MH370: Search for plane debris narrows in southern corridor, says Hisham

KUALA LUMPUR - Malaysia maintains that it is coordinating the 26-nation search for debris from the crashed Malaysia Airlines flight MH370, said acting Transport Minister Datuk Seri Hishammuddin Hussein.

"We have always maintained, we are coordinating the search and rescue effort (SAR) from the start. There are 26 countries, and it involves many vessels and aircraft. We are very lucky that so many countries have been forthcoming and supporting our efforts," said Hishammuddin at the daily MH370 press conference at the Putra World Trade Centre on Tuesday.

He expressed Malaysia's gratitude for the assistance offered by Australia in searching for the Boeing 777, adding that the search area had now been narrowed to a point in the southern corridor in the Indian Ocean off Australian waters.

"Here and in Parliament earlier, I have stated our gratitude to Australia because the satellite images, whether from the French, Chinese or Australians were in the quadrant in which Australia was to lead," said Hishammudin.

He said that earlier on in the search, Indonesia was to have searched the areas of the southern corridor close to its waters, adding that Indonesia and Australia were the only two countries close to the southern corridor in the Indian Ocean.

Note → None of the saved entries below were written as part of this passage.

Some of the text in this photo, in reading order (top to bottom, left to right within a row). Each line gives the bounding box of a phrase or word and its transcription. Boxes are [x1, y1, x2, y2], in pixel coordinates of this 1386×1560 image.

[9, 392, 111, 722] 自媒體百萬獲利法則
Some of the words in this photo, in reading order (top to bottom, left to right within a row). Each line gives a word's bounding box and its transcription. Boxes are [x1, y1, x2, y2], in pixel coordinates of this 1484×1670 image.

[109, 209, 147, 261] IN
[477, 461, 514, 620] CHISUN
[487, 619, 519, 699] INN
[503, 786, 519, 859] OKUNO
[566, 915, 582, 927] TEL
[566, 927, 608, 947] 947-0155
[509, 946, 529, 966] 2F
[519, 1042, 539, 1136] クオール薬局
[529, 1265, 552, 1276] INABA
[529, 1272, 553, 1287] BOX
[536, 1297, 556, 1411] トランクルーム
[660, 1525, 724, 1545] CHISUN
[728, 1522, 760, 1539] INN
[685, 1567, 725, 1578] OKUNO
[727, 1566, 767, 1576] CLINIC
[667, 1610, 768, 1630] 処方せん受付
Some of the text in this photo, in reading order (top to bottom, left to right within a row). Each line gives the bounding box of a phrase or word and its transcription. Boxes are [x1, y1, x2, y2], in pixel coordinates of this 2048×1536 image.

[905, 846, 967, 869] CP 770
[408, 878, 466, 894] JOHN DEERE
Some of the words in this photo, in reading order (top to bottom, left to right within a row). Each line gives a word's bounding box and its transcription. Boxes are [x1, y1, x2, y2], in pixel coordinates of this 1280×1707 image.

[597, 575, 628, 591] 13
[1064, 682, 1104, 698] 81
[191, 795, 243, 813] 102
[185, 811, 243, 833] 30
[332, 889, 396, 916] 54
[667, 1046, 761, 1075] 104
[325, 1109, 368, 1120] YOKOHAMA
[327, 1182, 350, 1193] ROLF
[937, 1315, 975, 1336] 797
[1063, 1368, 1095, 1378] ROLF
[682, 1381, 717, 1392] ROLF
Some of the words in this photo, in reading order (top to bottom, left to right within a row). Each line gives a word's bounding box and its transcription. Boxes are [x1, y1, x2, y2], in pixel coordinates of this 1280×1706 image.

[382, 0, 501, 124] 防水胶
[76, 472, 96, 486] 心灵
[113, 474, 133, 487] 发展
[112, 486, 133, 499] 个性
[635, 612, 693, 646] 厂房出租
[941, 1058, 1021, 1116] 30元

"Yes, we are narrowing the search, that narrowing of the search involves the southern tip of the southern corridor and the closest country, Australia has taken a very major part," he added.

Prime Minister Datuk Seri Najib Tun Razak announced on Monday night that based on new analysis by satellite company Inmarsat and the UK Air Accidents Investigation Branch (AAIB) on the satellite data provided, it was concluded that MH370 flew along the southern corridor to its last position in the middle of the Indian Ocean west of Perth.

The Beijing-bound MH370 disappeared after taking off from the Kuala Lumpur International Airport on March 8. It carried 239 passengers and crew.